On its face this reads as a standard issue defense of free speech, but I interpret this as a subtle suggestion that disruption and conflict was initially instigated by the parties asking that Milo not be permitted to attend, and thus that protesters like the shooting victim were the root of "concerns."

College Republicans went further. In a statement following the shooting, the official club denounced anarchists and anti-fascists and wrote: “If you keep prodding the right you may be unpleasantly surprised what the outcome will be.” A UW faculty member who wished to remain anonymous told me in response: “Remember, this is the group that officially sponsored the Milo event that got an [anti-fascist] anarchist shot.”


I have received numerous messages from members of the UW community expressing concern about what they perceive as the College Republicans’ and other students’ permissive attitudes to white supremacy. A group calling itself the UW Wall Building Association hosted an anti-immigrant, pro-Trump event on Monday, during which they erected an eight-foot-tall plywood wall. The Latinx Student Law Association had written a letter to the university president urging that the event be banned. It pointed out that “The event page indicates this is a celebration for the new President and the upcoming deportation of ‘illegals.’ The event’s original Facebook invitation (now no longer online) invited attendees to “bring bricks to donate to President Daddy’s big beautiful wall.”


“Many of us feel unsafe and afraid. A grad student was doxxed and is receiving death threats,” another UW community member told me via email.

In the immediate days following Trump’s election, amidst a wave of hateful acts, swastikas were found spray painted on the walls of The New School, one New York’s most progressive universities.
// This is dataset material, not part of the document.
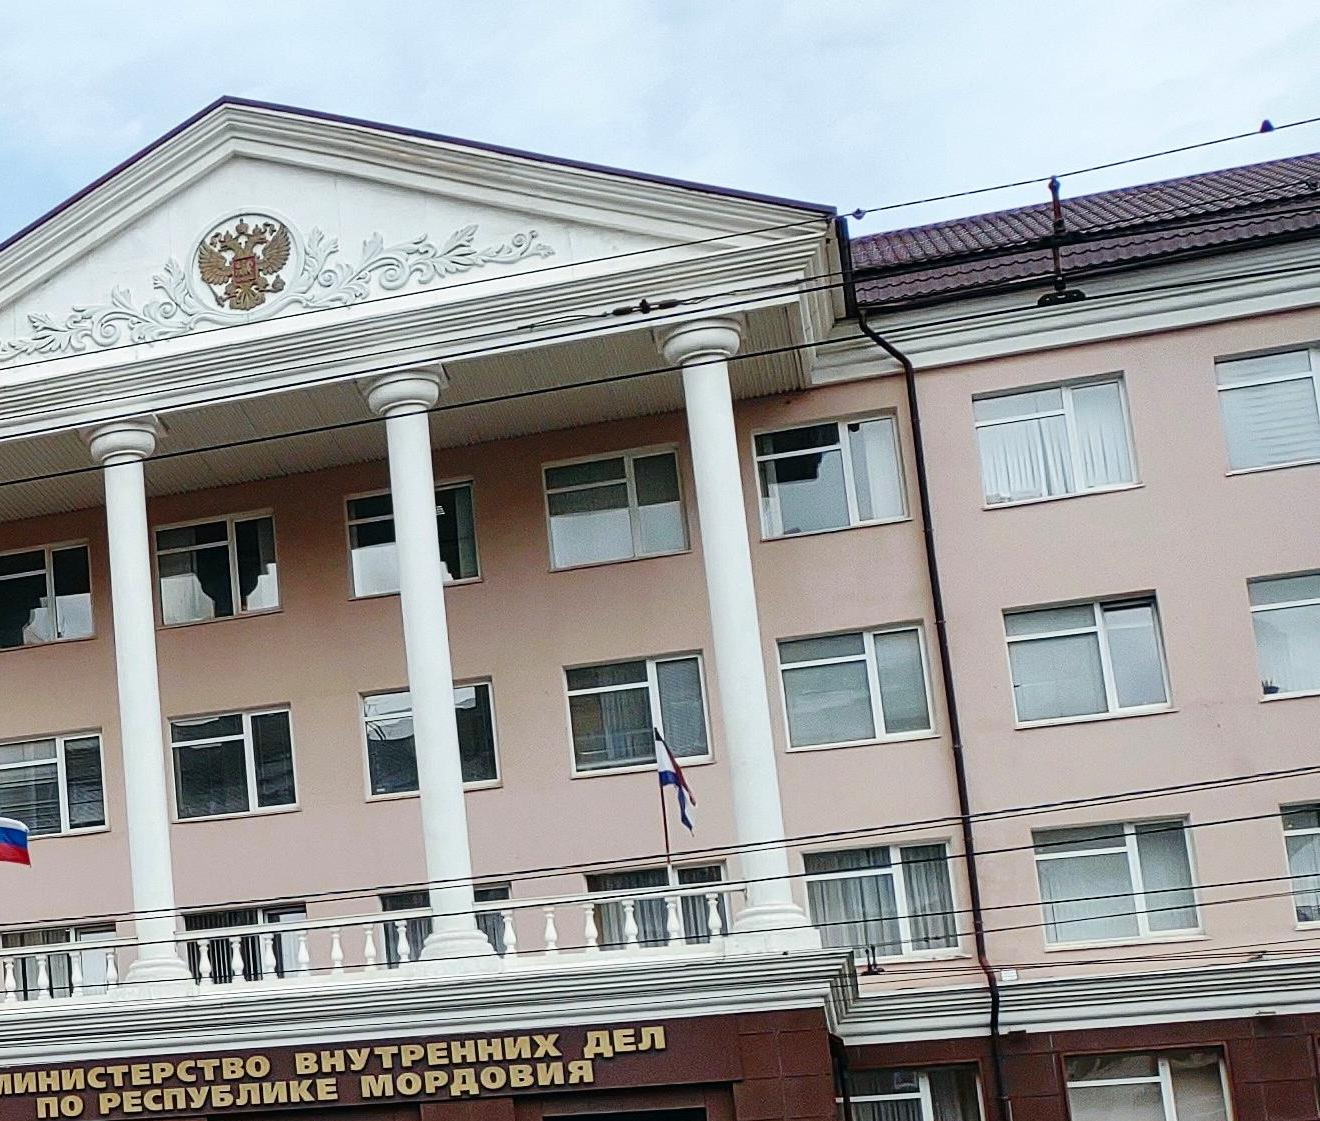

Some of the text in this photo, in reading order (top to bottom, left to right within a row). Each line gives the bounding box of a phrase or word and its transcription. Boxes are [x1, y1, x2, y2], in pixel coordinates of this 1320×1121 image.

UW, too, is a liberal stronghold, with students participating in events like the national student walkout on Inauguration Day. White nationalism has never been the sole preserve of confederate flag-waving slave states. But now it’s unapologetic and enabled by alleged bastions of progress.


I’m reminded of Black Panther Assata Shakur’s warning about the slippery nature of liberals. “As far as I’m concerned, ‘liberal’ is the most meaningless word in the dictionary,” she wrote in her 1987 autobiography. “When times get hard… they pull off that liberal mask and you think you’re talking to Adolf Hitler.” Or at least those who would have enabled Hitler. Our institutions will likely be no bulwark to fascism: Liberal senators will likely confirm Trump’s ghoulish cabinet; universities will subtly condemn anti-fascist protesters while giving white supremacists the benefit of the doubt.

The American left faces a particular and frightening challenge when facing up to fascism in America. Its enemies are armed. I don’t only refer to the enemies now in the highest positions of state power, although this grim fact means that confrontational dissent may be punished as treasonous. But the civilian shock troops of the far right have more guns than its left opposition, and are empowered by a legal infrastructure that has long buoyed white men’s privilege to stand their ground with lethal force.


The UW shooting highlights the risks entailed in confronting armed opponents with the law bent in the favor. This is compounded by the fact that when anti-fascists are confrontational or engage in minor acts of counter-violence against hatemongers, they are unfairly blamed as the violent instigators. The challenge is to remain unchilled by all this; the only other option is capitulation to Trumpist fascism through inaction or an ill-thought faith in the power of liberal democracy. I fear this will not, and cannot, be pretty.